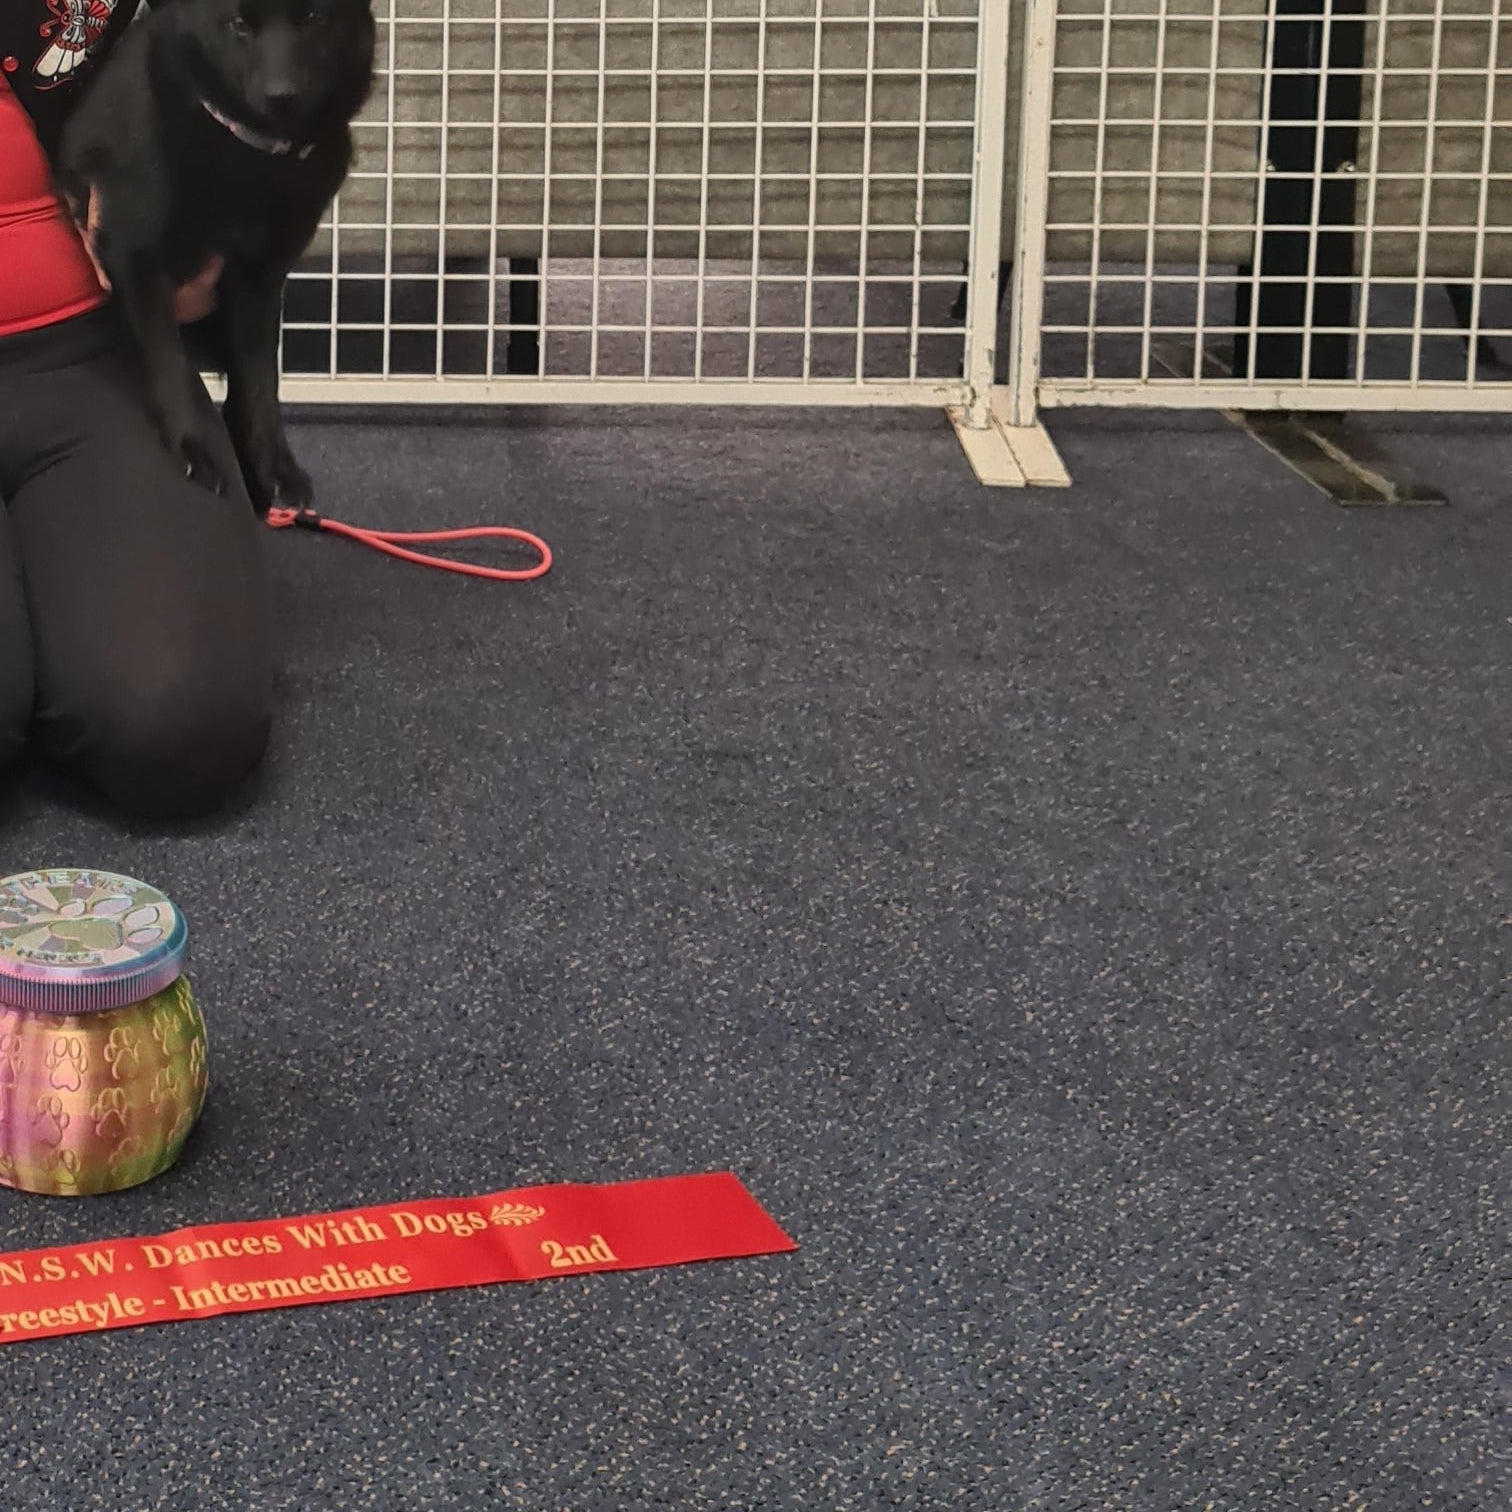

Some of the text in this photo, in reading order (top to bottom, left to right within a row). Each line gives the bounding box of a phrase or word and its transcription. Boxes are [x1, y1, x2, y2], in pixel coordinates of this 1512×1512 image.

[142, 1232, 282, 1270] Dances
[285, 1215, 389, 1251] With
[390, 1206, 489, 1238] Dogs
[541, 1234, 618, 1269] 2nd
[170, 1262, 412, 1312] Intermediate

# AIM OF THE TASK:
The whole listing, pictures excluded, should be output exactly.

# REPLY:
Some of the text in this photo, in reading order (top to bottom, left to right within a row). Each line gives the bounding box of a phrase or word and its transcription. Boxes are [x1, y1, x2, y2], in pixel coordinates of this 1512×1512 image.

[142, 1232, 282, 1270] Dances
[285, 1215, 389, 1251] With
[390, 1206, 489, 1238] Dogs
[541, 1234, 618, 1269] 2nd
[170, 1262, 412, 1312] Intermediate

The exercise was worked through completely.